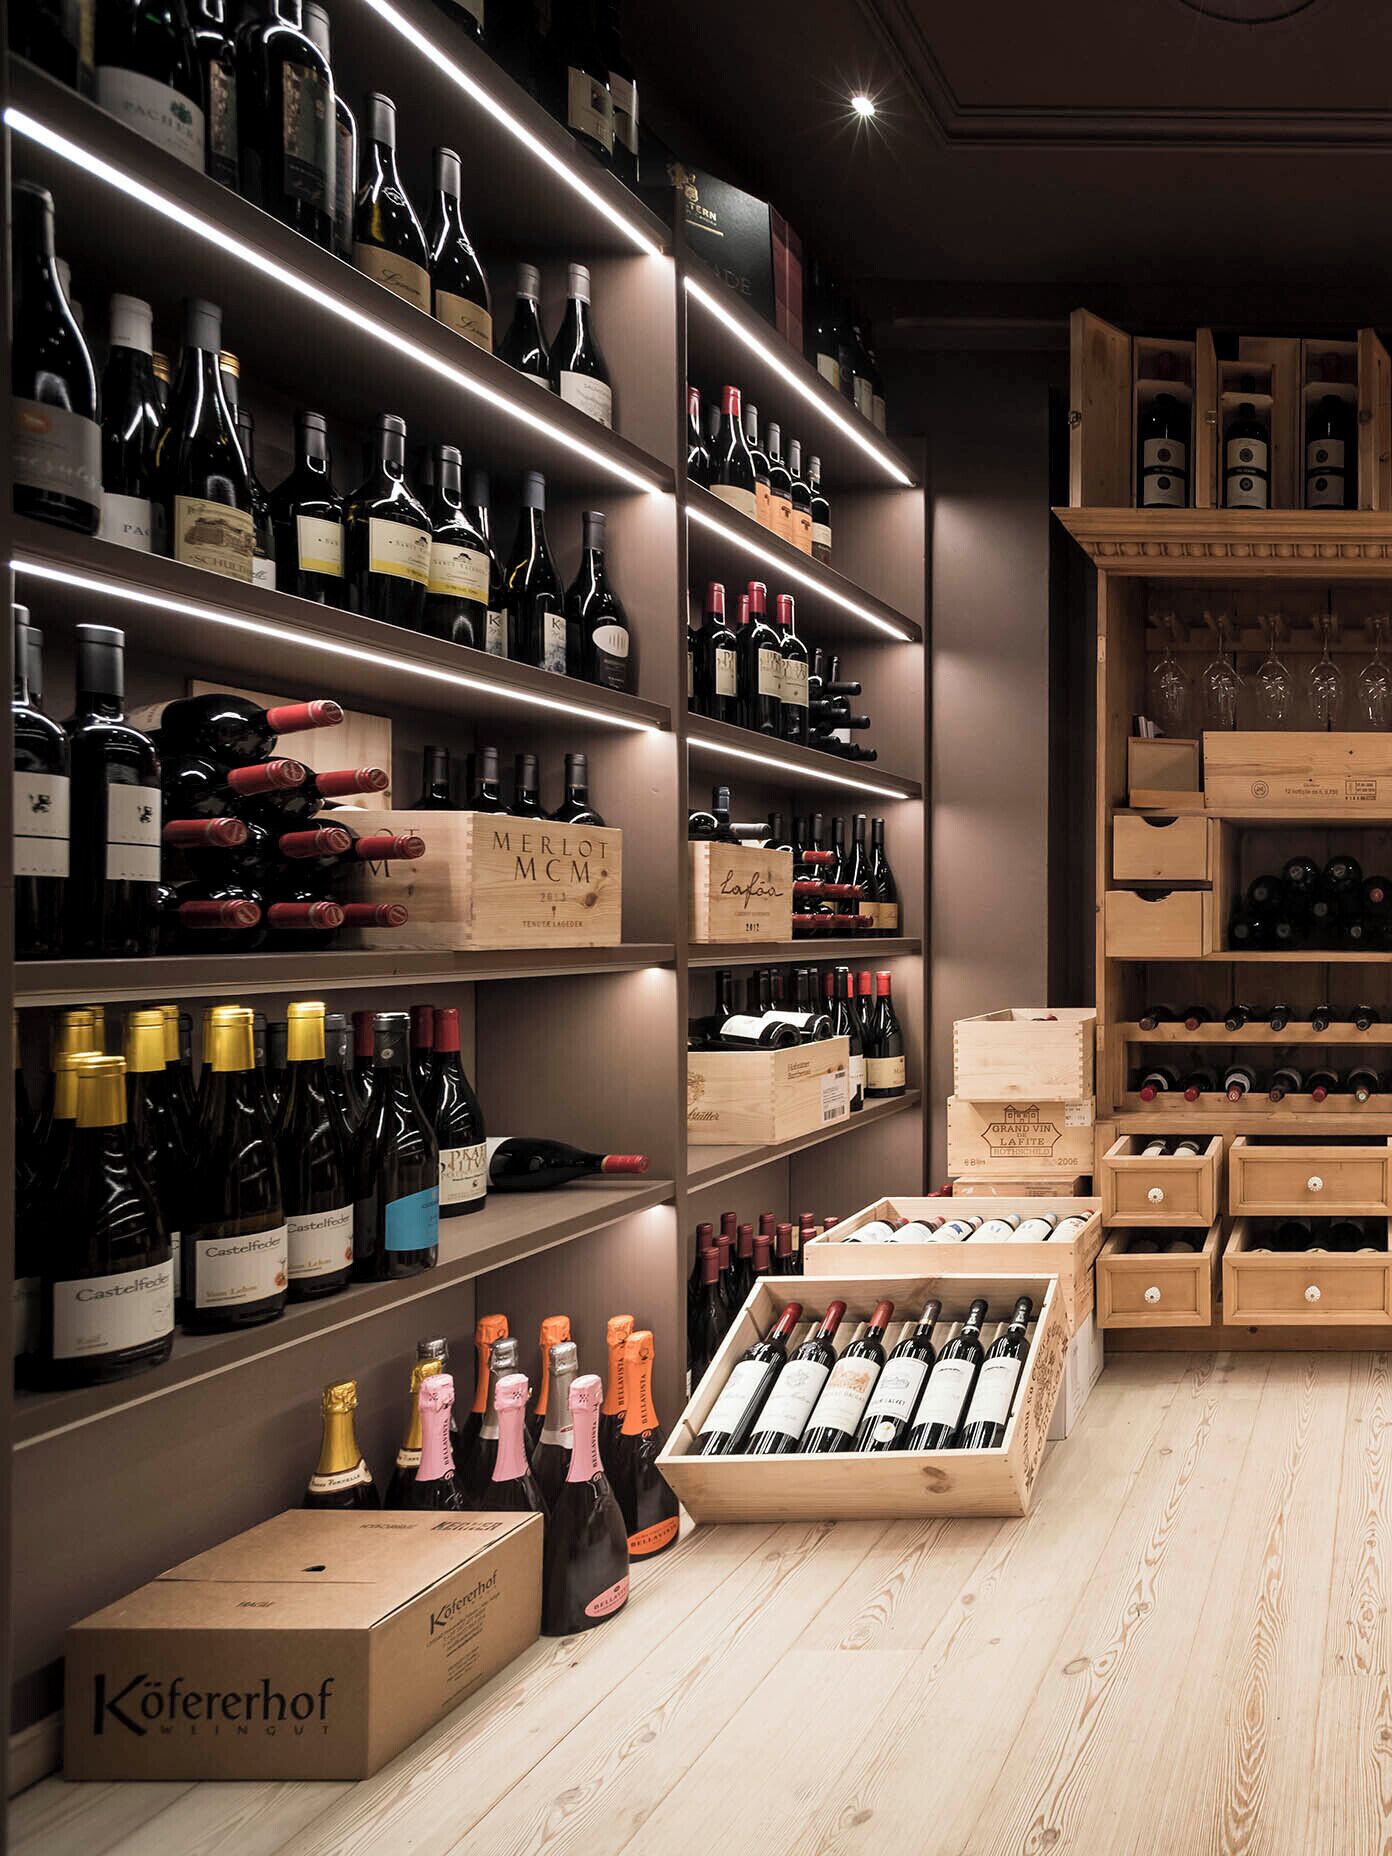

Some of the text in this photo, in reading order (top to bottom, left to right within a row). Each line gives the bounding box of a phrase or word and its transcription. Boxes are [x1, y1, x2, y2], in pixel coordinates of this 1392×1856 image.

[686, 202, 717, 222] TERN
[491, 831, 609, 860] MERLOT
[513, 856, 591, 884] MCM
[745, 922, 761, 933] 2012
[992, 1124, 1051, 1133] GRAND VIN
[1000, 1138, 1045, 1146] LAFITE
[1057, 1158, 1078, 1166] 2006
[287, 1214, 353, 1235] Castelfeder
[204, 1236, 283, 1259] Castelfeder
[75, 1272, 171, 1303] Castelfeder
[617, 1357, 625, 1406] BELLAVISTA
[640, 1373, 648, 1425] BELLAVISTA
[630, 1524, 678, 1549] BELLAVISTA
[430, 1568, 499, 1636] Köfererhof
[93, 1673, 336, 1737] Köfererhof
[160, 1725, 329, 1738] WEINGUT

______

_Aim of the task_: Could you retype the records above exactly, omitting the pictures?

_Exercise answer_:
Some of the text in this photo, in reading order (top to bottom, left to right within a row). Each line gives the bounding box of a phrase or word and its transcription. Boxes are [x1, y1, x2, y2], in pixel coordinates of this 1392×1856 image.

[686, 202, 717, 222] TERN
[491, 831, 609, 860] MERLOT
[513, 856, 591, 884] MCM
[745, 922, 761, 933] 2012
[992, 1124, 1051, 1133] GRAND VIN
[1000, 1138, 1045, 1146] LAFITE
[1057, 1158, 1078, 1166] 2006
[287, 1214, 353, 1235] Castelfeder
[204, 1236, 283, 1259] Castelfeder
[75, 1272, 171, 1303] Castelfeder
[617, 1357, 625, 1406] BELLAVISTA
[640, 1373, 648, 1425] BELLAVISTA
[630, 1524, 678, 1549] BELLAVISTA
[430, 1568, 499, 1636] Köfererhof
[93, 1673, 336, 1737] Köfererhof
[160, 1725, 329, 1738] WEINGUT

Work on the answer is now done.